[Supplied records]
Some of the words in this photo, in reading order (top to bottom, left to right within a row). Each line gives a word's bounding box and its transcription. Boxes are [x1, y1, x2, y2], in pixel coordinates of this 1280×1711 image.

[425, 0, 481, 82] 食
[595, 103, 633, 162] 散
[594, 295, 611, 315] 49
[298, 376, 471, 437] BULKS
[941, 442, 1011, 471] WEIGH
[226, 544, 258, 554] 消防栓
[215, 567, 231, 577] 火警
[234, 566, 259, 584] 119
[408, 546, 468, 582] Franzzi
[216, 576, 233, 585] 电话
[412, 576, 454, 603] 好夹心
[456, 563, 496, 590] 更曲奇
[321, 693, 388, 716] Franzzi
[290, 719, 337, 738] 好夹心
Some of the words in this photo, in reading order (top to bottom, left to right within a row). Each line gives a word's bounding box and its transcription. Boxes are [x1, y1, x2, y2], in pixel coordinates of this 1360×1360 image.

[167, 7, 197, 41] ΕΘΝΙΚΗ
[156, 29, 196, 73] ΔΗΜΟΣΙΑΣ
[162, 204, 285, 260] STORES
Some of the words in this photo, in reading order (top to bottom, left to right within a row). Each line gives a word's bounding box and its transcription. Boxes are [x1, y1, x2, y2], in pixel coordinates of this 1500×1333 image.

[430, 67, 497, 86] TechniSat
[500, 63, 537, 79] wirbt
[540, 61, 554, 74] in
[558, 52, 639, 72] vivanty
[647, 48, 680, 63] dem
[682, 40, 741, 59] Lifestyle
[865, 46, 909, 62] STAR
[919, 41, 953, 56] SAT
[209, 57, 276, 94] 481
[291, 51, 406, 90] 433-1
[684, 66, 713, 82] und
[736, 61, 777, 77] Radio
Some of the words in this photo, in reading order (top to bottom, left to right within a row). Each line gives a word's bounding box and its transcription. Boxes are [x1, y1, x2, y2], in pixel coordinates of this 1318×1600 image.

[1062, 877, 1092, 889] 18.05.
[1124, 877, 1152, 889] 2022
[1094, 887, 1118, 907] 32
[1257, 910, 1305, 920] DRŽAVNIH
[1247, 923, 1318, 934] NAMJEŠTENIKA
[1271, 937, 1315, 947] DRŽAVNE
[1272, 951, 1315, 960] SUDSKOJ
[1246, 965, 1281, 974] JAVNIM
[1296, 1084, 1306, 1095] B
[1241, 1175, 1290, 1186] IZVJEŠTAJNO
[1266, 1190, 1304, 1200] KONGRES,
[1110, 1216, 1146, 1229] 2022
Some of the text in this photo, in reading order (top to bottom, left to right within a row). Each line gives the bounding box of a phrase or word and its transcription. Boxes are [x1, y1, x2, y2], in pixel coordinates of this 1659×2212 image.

[Task requirements] All the material, top to bottom: write it out again precisely.

[Solution]
Some of the words in this photo, in reading order (top to bottom, left to right within a row). Each line gives a word's bounding box and its transcription. Boxes are [x1, y1, x2, y2], in pixel coordinates of this 1280×1711 image.

[425, 0, 481, 82] 食
[595, 103, 633, 162] 散
[594, 295, 611, 315] 49
[298, 376, 471, 437] BULKS
[941, 442, 1011, 471] WEIGH
[226, 544, 258, 554] 消防栓
[215, 567, 231, 577] 火警
[234, 566, 259, 584] 119
[408, 546, 468, 582] Franzzi
[216, 576, 233, 585] 电话
[412, 576, 454, 603] 好夹心
[456, 563, 496, 590] 更曲奇
[321, 693, 388, 716] Franzzi
[290, 719, 337, 738] 好夹心
Some of the words in this photo, in reading order (top to bottom, left to right within a row). Each line gives a word's bounding box and its transcription. Boxes are [x1, y1, x2, y2], in pixel coordinates of this 1360×1360 image.

[167, 7, 197, 41] ΕΘΝΙΚΗ
[156, 29, 196, 73] ΔΗΜΟΣΙΑΣ
[162, 204, 285, 260] STORES
Some of the words in this photo, in reading order (top to bottom, left to right within a row). Each line gives a word's bounding box and its transcription. Boxes are [x1, y1, x2, y2], in pixel coordinates of this 1500×1333 image.

[430, 67, 497, 86] TechniSat
[500, 63, 537, 79] wirbt
[540, 61, 554, 74] in
[558, 52, 639, 72] vivanty
[647, 48, 680, 63] dem
[682, 40, 741, 59] Lifestyle
[865, 46, 909, 62] STAR
[919, 41, 953, 56] SAT
[209, 57, 276, 94] 481
[291, 51, 406, 90] 433-1
[684, 66, 713, 82] und
[736, 61, 777, 77] Radio
Some of the words in this photo, in reading order (top to bottom, left to right within a row). Each line gives a word's bounding box and its transcription. Boxes are [x1, y1, x2, y2], in pixel coordinates of this 1318×1600 image.

[1062, 877, 1092, 889] 18.05.
[1124, 877, 1152, 889] 2022
[1094, 887, 1118, 907] 32
[1257, 910, 1305, 920] DRŽAVNIH
[1247, 923, 1318, 934] NAMJEŠTENIKA
[1271, 937, 1315, 947] DRŽAVNE
[1272, 951, 1315, 960] SUDSKOJ
[1246, 965, 1281, 974] JAVNIM
[1296, 1084, 1306, 1095] B
[1241, 1175, 1290, 1186] IZVJEŠTAJNO
[1266, 1190, 1304, 1200] KONGRES,
[1110, 1216, 1146, 1229] 2022
Some of the text in this photo, in reading order (top to bottom, left to right within a row). Each line gives the bounding box of a phrase or word and its transcription. Boxes are [x1, y1, x2, y2], in pixel coordinates of this 1659×2212 image.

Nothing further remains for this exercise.